Data: 2002-04-15 18:02:34
Temat: Re: Zjazd(-y) w Ustroniu
Od: "Leszek Marażewski" <l...@c...pl>
Pokaż wszystkie nagłówki
O jak teraz p. Józek się odezwał - to w try miga rozprawicie się z projektem
założeń do Ustawy.
Użytkownik "JC" <J...@t...de> napisał w wiadomości
news:a9f430$nkg$04$1@news.t-online.com...
>
> "Robert Szymczak" <r...@t...pl> schrieb im Newsbeitrag
> news:3CBAFDC0.E86744DD@telepraca-polska.pl...
>
> > Witam Miłych Grupowiczów :-)
>
> Cześć Wam.
>
> >
> > Niektóre rzucone tu słowa wymagają komentarza, by ich odbiorcy (w
> > tym przypadku Wy Grupowicze) mogli wyrobić sobie własne, mam
> > nadzieję obiektywne zdanie.
>
> Przeczytaj ostatnią korespondencję Scalamanc - ki a "zdanie"
> .......nasunie sie same.
>
> /.../
>
> >
> > W naszym ogłoszeniu inicjującym temat tegorocznego Zjazdu
> > zapraszaliśmy również do współpracy nad organizacją dorocznego
> > spotkania ON...............
>
> /.../
>
> >
> > Cóż, każdy kto czyta czas jakiś tę grupę musi pamiętać o brutalnym
> > ataku aktywistów SISON na spotkanie z roku 2001. Nie pownno w tym
> > świetle dziwić, że osoby związane z organizacją Zjazdu nie wzieli
> > udziału w proponowanej przez SISON dyskusji nad Projektem.
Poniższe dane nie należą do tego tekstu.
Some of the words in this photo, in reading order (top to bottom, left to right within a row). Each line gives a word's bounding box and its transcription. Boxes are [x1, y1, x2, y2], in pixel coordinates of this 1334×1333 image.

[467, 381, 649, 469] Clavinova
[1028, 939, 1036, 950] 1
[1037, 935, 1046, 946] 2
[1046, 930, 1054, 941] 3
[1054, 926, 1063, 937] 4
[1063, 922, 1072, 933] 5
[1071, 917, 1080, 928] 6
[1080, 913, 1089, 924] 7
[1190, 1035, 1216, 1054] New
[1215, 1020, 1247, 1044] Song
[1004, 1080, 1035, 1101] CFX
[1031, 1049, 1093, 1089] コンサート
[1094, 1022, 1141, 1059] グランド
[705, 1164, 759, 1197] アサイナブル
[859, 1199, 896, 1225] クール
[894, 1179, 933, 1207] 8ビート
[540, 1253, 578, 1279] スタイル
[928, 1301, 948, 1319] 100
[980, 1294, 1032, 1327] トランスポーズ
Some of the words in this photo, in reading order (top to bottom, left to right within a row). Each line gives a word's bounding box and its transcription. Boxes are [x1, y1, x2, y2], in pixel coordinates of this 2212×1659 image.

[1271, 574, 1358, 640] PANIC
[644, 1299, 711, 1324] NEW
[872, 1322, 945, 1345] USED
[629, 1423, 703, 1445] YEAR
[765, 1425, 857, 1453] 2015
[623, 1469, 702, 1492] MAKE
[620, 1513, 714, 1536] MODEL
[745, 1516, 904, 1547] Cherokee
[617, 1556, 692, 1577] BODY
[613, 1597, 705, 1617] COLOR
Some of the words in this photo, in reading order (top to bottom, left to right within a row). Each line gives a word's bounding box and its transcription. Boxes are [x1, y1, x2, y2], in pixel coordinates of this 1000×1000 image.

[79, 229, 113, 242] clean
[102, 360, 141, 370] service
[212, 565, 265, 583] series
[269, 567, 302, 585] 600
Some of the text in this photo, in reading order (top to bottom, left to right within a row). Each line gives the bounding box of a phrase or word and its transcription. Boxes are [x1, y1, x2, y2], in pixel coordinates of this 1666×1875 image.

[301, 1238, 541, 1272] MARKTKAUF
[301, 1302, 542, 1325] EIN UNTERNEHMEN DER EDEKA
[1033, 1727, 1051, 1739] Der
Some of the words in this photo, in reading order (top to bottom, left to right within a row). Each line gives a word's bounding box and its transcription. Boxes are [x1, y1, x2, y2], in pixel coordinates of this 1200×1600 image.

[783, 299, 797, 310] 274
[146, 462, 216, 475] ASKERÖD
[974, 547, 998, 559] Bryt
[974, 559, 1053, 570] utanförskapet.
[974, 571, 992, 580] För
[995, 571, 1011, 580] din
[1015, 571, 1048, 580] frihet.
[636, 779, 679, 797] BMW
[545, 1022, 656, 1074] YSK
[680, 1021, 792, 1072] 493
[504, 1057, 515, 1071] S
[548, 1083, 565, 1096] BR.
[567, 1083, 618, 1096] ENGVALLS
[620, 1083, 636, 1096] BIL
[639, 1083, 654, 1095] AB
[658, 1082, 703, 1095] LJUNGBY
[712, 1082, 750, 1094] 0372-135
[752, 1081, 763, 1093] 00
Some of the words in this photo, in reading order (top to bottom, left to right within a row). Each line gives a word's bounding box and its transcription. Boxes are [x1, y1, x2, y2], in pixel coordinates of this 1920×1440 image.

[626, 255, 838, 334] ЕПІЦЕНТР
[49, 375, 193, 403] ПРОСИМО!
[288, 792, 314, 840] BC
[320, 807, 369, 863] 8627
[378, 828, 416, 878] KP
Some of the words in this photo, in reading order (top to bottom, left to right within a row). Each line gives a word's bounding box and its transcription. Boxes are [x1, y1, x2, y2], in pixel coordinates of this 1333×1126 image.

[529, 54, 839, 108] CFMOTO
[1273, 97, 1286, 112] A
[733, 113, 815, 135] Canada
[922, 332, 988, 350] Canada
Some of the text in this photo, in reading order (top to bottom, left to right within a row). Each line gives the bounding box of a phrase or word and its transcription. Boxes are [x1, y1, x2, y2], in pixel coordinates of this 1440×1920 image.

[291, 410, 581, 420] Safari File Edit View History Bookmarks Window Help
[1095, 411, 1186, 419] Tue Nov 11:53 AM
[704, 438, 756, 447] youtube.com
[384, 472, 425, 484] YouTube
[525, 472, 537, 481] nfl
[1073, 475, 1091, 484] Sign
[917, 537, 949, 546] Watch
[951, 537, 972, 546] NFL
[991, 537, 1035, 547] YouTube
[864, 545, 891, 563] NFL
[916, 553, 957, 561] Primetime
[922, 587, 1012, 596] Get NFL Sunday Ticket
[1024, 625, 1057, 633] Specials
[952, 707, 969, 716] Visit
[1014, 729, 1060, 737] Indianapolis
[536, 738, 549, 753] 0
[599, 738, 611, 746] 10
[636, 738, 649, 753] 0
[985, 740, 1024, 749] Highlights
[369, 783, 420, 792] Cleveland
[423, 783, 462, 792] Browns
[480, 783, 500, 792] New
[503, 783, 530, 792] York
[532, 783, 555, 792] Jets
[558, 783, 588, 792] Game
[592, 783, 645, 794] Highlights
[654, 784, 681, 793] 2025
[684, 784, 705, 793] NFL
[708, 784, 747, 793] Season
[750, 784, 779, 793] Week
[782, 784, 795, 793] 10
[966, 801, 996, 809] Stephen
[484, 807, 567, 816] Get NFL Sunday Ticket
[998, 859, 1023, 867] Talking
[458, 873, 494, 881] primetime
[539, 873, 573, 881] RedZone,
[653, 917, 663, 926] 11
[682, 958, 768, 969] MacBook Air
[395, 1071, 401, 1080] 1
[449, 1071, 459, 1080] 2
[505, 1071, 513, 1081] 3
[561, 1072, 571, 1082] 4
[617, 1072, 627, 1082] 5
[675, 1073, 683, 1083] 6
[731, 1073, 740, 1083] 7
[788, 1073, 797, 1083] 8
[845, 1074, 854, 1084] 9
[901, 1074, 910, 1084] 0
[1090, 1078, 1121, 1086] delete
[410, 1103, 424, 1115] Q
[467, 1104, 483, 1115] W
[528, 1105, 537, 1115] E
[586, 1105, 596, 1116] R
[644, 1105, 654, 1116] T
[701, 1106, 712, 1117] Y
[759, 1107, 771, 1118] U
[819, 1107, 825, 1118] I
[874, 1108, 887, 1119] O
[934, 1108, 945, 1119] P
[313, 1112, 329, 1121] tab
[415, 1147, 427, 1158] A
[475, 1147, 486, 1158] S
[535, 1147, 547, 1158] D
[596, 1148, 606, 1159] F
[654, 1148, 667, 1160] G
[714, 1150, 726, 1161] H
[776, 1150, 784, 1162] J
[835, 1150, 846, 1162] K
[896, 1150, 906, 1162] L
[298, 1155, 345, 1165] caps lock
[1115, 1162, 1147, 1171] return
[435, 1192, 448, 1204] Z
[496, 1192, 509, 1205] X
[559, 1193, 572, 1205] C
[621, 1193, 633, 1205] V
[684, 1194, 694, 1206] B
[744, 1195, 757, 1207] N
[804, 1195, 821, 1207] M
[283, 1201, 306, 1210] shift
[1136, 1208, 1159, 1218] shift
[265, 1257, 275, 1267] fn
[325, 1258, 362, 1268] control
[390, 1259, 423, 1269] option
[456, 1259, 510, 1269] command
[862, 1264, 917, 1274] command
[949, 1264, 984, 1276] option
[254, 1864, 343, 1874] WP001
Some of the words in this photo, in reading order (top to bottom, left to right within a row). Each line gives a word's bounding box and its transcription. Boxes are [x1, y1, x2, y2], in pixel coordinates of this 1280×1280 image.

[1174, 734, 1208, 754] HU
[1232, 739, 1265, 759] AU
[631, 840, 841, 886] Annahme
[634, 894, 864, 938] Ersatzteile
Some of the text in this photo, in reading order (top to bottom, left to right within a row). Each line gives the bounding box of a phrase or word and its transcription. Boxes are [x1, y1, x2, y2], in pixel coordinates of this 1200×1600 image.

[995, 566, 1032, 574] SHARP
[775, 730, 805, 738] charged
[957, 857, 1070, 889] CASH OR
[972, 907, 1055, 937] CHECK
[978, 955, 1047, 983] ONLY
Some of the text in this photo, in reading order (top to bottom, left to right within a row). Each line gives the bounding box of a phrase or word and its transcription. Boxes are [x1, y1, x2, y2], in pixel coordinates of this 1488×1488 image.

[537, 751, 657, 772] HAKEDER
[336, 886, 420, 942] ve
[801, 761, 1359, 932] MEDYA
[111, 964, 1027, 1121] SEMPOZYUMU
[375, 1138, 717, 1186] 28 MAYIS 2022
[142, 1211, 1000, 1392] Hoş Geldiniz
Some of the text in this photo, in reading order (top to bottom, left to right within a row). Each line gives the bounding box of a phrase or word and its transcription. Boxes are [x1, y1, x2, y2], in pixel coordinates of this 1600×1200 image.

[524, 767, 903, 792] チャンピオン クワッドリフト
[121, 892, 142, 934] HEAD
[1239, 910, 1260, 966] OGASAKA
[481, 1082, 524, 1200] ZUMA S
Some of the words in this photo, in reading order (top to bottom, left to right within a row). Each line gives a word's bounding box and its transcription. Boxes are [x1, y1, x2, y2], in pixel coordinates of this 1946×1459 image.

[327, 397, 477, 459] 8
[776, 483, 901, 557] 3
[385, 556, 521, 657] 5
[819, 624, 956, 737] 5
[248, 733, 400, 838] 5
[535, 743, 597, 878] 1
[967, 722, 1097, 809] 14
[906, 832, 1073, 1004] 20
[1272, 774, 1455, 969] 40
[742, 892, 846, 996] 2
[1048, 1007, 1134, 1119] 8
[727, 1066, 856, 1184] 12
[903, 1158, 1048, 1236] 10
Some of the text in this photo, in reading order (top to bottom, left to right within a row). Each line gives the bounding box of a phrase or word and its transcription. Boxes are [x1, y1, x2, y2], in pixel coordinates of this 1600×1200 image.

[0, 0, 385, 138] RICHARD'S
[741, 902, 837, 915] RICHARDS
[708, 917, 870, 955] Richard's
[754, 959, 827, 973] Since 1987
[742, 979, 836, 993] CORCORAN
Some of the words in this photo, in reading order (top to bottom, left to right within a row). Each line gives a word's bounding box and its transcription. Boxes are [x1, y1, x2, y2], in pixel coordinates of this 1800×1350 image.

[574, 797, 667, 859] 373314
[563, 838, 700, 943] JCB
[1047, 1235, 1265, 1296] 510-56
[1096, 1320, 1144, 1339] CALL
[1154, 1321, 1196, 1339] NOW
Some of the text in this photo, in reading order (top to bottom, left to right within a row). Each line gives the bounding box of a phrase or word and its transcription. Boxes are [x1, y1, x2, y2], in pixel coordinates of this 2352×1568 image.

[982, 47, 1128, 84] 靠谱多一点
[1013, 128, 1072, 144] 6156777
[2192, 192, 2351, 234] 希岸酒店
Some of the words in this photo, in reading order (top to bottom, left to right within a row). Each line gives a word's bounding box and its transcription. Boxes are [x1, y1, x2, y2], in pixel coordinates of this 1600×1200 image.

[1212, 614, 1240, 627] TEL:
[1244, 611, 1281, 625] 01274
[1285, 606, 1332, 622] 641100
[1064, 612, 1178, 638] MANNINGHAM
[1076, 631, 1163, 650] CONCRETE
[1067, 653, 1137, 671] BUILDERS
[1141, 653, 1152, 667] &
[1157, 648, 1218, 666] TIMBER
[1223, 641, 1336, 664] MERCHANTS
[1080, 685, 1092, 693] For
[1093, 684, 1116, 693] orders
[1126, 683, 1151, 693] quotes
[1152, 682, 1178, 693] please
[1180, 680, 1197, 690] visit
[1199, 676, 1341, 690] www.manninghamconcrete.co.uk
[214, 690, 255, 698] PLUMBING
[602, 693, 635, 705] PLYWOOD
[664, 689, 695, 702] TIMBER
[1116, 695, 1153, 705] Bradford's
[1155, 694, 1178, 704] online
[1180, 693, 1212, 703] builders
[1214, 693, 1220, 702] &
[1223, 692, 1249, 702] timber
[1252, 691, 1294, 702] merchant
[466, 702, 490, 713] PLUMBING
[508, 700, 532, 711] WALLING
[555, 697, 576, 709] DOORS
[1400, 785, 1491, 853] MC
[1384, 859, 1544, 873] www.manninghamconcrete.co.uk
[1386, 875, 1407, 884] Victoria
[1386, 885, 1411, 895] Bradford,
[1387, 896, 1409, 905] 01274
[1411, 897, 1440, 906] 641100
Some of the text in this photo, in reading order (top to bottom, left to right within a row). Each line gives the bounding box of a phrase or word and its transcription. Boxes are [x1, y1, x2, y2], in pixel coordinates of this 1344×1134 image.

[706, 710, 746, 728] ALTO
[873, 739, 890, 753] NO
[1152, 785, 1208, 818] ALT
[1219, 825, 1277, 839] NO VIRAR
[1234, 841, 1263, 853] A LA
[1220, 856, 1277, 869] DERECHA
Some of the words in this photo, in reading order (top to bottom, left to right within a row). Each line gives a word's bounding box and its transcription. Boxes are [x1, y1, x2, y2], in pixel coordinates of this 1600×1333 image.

Skoro
> > nasz pot i łzy wylane przy organizacji "Ustronia 2001" (nie
> > wspominając o naszym czasie i kosztach) traktowane są per noga, to
> > także nasz głos i nasza wiedza spotka się z podobnym przyjęciem. Jak
> > widzicie nawet nasze tolerancyjne milczenie jest niewygodne.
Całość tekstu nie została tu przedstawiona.